Detail is affected by the amount of data that is recorded by the sensor. A large file is no guarantee of a sharp or high resolution image. If you have a lens of poor quality a large file will not result in a sharp image.

To balance the size of the files that a photo may have camera makers have come up with a way to lessen the large file size.  They almost all have the JPEG compression setting. This type of compression can shrink the size of the picture file to one tenth of the original but this comes at a cost.
Much of the original information is lost forever. The best strategy is to set the files size as large as possible with the least compression as possible to save as much quality in the photo as possible.

What Are Color Settings?

Color settings is how the camera observes colors. It will observe them differently than you will because it is not able to constantly adjust as humans do to the light.  We help them the best by setting the white balance as close as possible. This gives us the most space to adjust the colors in post processing.
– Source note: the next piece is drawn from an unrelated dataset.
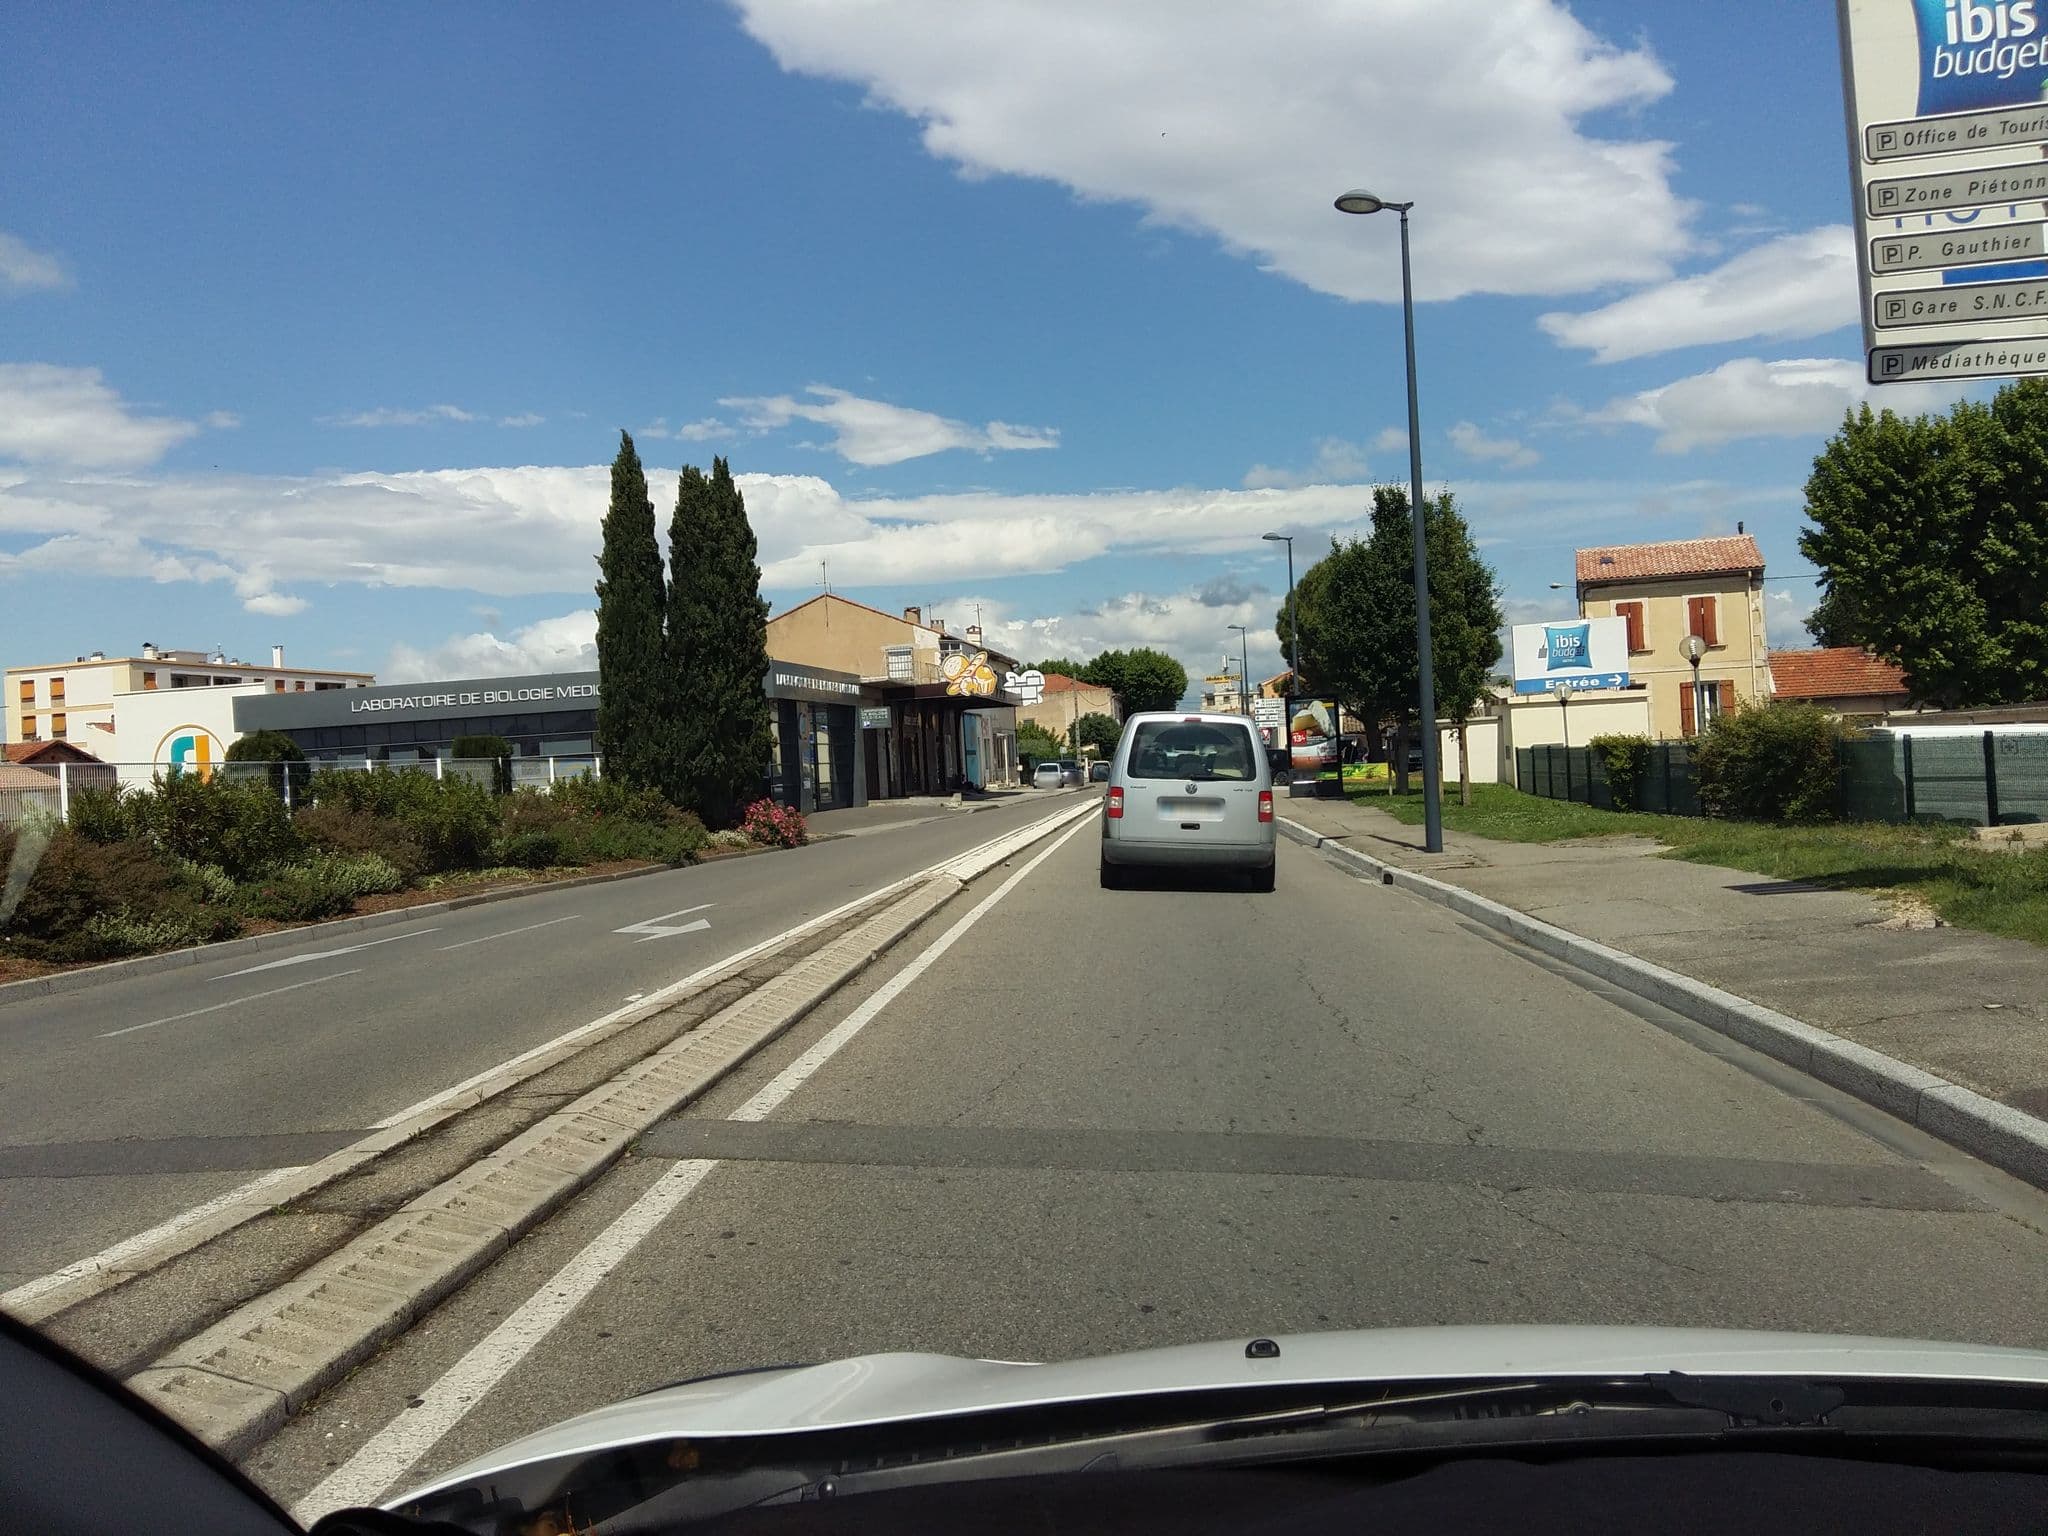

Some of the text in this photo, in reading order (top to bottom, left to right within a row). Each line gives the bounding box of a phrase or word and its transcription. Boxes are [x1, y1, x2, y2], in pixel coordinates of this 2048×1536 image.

The camera settings are just one of a series of settings that must be adjusted along the way to achieve a quality print. This starts with the manufacturer of the sensor and the settings on the monitor as well as the printers capabilities and the paper the photo is printed on. For all of these factors to work together with their ICC profiles they sample the monitor and the printer and attempt to adjust these together to produce the most faithful colors in our photos.  Our cameras have a certain range of colors that the sensor will record with. In fact most dslrs will give you a choice as to which color space you want to use. Using the sRGB is the smallest gamut and the one most people use. However it is limited in range of color production and therefore the quality of the photo graphs. Try experimenting with the use of Adobe RGB as it has one of the largest color spaces. This space is usually set with the camera menu and under settings. If you want the largest amount of adjustment to the color in your photo and you have the software such as photoshop you may want to take your pictures in the raw format. The color and the white balance will be adjusted at that time the pictures are processed witht the software.